The entries below are to be retyped exactly. Preserve every word.
== == ==
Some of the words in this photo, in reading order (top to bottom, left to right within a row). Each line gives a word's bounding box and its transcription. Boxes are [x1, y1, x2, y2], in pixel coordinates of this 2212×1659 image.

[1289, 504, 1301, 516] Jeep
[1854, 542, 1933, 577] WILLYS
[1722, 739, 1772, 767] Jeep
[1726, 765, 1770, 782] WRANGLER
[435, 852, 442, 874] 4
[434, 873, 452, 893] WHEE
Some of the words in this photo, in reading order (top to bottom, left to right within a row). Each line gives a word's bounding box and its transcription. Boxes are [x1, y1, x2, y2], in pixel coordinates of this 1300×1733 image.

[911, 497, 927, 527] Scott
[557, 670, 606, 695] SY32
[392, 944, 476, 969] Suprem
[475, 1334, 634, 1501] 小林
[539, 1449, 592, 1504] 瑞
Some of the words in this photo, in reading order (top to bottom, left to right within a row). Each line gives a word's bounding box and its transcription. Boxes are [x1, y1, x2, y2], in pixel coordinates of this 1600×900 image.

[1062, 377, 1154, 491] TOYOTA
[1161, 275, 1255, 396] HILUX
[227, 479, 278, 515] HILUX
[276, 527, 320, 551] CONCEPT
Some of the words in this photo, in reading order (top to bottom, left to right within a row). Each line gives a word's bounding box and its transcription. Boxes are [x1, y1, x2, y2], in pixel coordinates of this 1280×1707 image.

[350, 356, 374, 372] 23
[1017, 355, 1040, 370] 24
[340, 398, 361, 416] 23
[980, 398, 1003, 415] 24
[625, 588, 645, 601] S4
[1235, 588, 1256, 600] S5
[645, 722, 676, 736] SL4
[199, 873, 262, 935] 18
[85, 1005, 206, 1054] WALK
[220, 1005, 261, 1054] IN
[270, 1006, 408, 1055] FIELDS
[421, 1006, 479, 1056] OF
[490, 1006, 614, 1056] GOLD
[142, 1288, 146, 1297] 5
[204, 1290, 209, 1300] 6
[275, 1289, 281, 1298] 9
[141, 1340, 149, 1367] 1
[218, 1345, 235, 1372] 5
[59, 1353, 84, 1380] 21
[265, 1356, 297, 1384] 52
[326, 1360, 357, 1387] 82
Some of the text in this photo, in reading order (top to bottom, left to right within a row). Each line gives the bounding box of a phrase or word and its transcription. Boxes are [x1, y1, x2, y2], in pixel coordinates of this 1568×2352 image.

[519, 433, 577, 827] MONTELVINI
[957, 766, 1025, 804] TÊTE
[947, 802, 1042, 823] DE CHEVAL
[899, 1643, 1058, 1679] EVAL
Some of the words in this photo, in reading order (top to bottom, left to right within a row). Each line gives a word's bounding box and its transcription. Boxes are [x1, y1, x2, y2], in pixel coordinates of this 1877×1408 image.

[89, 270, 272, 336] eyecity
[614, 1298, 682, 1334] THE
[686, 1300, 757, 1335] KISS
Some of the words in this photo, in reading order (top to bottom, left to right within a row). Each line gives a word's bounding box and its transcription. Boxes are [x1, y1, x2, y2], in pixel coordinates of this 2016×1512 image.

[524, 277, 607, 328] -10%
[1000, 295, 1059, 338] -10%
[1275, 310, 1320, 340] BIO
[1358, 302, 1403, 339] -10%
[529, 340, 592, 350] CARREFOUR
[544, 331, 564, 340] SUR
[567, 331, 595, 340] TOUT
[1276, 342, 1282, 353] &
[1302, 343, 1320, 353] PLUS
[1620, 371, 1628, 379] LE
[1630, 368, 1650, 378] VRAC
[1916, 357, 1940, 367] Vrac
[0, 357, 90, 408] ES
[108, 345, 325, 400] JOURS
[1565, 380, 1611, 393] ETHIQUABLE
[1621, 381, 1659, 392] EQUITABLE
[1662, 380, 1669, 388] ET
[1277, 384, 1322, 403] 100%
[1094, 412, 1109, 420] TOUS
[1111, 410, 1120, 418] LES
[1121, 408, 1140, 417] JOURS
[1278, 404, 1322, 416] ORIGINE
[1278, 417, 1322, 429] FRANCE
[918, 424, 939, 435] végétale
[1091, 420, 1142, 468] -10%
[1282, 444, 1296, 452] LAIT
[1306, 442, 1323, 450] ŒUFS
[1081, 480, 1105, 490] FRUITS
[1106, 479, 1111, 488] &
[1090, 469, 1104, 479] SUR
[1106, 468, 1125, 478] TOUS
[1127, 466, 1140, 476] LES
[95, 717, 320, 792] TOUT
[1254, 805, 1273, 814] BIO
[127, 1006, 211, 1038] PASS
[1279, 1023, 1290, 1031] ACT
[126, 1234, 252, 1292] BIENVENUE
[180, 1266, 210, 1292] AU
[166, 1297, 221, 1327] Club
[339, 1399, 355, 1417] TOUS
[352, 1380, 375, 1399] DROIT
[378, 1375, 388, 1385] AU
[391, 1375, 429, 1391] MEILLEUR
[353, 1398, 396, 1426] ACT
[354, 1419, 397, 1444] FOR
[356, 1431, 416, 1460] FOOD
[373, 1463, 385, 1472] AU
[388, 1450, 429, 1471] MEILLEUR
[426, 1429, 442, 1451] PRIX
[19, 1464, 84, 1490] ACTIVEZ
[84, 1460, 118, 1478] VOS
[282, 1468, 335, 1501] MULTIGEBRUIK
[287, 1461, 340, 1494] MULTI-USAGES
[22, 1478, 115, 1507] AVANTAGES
== == ==
**Output:**
Some of the words in this photo, in reading order (top to bottom, left to right within a row). Each line gives a word's bounding box and its transcription. Boxes are [x1, y1, x2, y2], in pixel coordinates of this 2212×1659 image.

[1289, 504, 1301, 516] Jeep
[1854, 542, 1933, 577] WILLYS
[1722, 739, 1772, 767] Jeep
[1726, 765, 1770, 782] WRANGLER
[435, 852, 442, 874] 4
[434, 873, 452, 893] WHEE
Some of the words in this photo, in reading order (top to bottom, left to right within a row). Each line gives a word's bounding box and its transcription. Boxes are [x1, y1, x2, y2], in pixel coordinates of this 1300×1733 image.

[911, 497, 927, 527] Scott
[557, 670, 606, 695] SY32
[392, 944, 476, 969] Suprem
[475, 1334, 634, 1501] 小林
[539, 1449, 592, 1504] 瑞
Some of the words in this photo, in reading order (top to bottom, left to right within a row). Each line gives a word's bounding box and its transcription. Boxes are [x1, y1, x2, y2], in pixel coordinates of this 1600×900 image.

[1062, 377, 1154, 491] TOYOTA
[1161, 275, 1255, 396] HILUX
[227, 479, 278, 515] HILUX
[276, 527, 320, 551] CONCEPT
Some of the words in this photo, in reading order (top to bottom, left to right within a row). Each line gives a word's bounding box and its transcription. Boxes are [x1, y1, x2, y2], in pixel coordinates of this 1280×1707 image.

[350, 356, 374, 372] 23
[1017, 355, 1040, 370] 24
[340, 398, 361, 416] 23
[980, 398, 1003, 415] 24
[625, 588, 645, 601] S4
[1235, 588, 1256, 600] S5
[645, 722, 676, 736] SL4
[199, 873, 262, 935] 18
[85, 1005, 206, 1054] WALK
[220, 1005, 261, 1054] IN
[270, 1006, 408, 1055] FIELDS
[421, 1006, 479, 1056] OF
[490, 1006, 614, 1056] GOLD
[142, 1288, 146, 1297] 5
[204, 1290, 209, 1300] 6
[275, 1289, 281, 1298] 9
[141, 1340, 149, 1367] 1
[218, 1345, 235, 1372] 5
[59, 1353, 84, 1380] 21
[265, 1356, 297, 1384] 52
[326, 1360, 357, 1387] 82
Some of the text in this photo, in reading order (top to bottom, left to right within a row). Each line gives the bounding box of a phrase or word and its transcription. Boxes are [x1, y1, x2, y2], in pixel coordinates of this 1568×2352 image.

[519, 433, 577, 827] MONTELVINI
[957, 766, 1025, 804] TÊTE
[947, 802, 1042, 823] DE CHEVAL
[899, 1643, 1058, 1679] EVAL
Some of the words in this photo, in reading order (top to bottom, left to right within a row). Each line gives a word's bounding box and its transcription. Boxes are [x1, y1, x2, y2], in pixel coordinates of this 1877×1408 image.

[89, 270, 272, 336] eyecity
[614, 1298, 682, 1334] THE
[686, 1300, 757, 1335] KISS
Some of the words in this photo, in reading order (top to bottom, left to right within a row). Each line gives a word's bounding box and its transcription. Boxes are [x1, y1, x2, y2], in pixel coordinates of this 2016×1512 image.

[524, 277, 607, 328] -10%
[1000, 295, 1059, 338] -10%
[1275, 310, 1320, 340] BIO
[1358, 302, 1403, 339] -10%
[529, 340, 592, 350] CARREFOUR
[544, 331, 564, 340] SUR
[567, 331, 595, 340] TOUT
[1276, 342, 1282, 353] &
[1302, 343, 1320, 353] PLUS
[1620, 371, 1628, 379] LE
[1630, 368, 1650, 378] VRAC
[1916, 357, 1940, 367] Vrac
[0, 357, 90, 408] ES
[108, 345, 325, 400] JOURS
[1565, 380, 1611, 393] ETHIQUABLE
[1621, 381, 1659, 392] EQUITABLE
[1662, 380, 1669, 388] ET
[1277, 384, 1322, 403] 100%
[1094, 412, 1109, 420] TOUS
[1111, 410, 1120, 418] LES
[1121, 408, 1140, 417] JOURS
[1278, 404, 1322, 416] ORIGINE
[1278, 417, 1322, 429] FRANCE
[918, 424, 939, 435] végétale
[1091, 420, 1142, 468] -10%
[1282, 444, 1296, 452] LAIT
[1306, 442, 1323, 450] ŒUFS
[1081, 480, 1105, 490] FRUITS
[1106, 479, 1111, 488] &
[1090, 469, 1104, 479] SUR
[1106, 468, 1125, 478] TOUS
[1127, 466, 1140, 476] LES
[95, 717, 320, 792] TOUT
[1254, 805, 1273, 814] BIO
[127, 1006, 211, 1038] PASS
[1279, 1023, 1290, 1031] ACT
[126, 1234, 252, 1292] BIENVENUE
[180, 1266, 210, 1292] AU
[166, 1297, 221, 1327] Club
[339, 1399, 355, 1417] TOUS
[352, 1380, 375, 1399] DROIT
[378, 1375, 388, 1385] AU
[391, 1375, 429, 1391] MEILLEUR
[353, 1398, 396, 1426] ACT
[354, 1419, 397, 1444] FOR
[356, 1431, 416, 1460] FOOD
[373, 1463, 385, 1472] AU
[388, 1450, 429, 1471] MEILLEUR
[426, 1429, 442, 1451] PRIX
[19, 1464, 84, 1490] ACTIVEZ
[84, 1460, 118, 1478] VOS
[282, 1468, 335, 1501] MULTIGEBRUIK
[287, 1461, 340, 1494] MULTI-USAGES
[22, 1478, 115, 1507] AVANTAGES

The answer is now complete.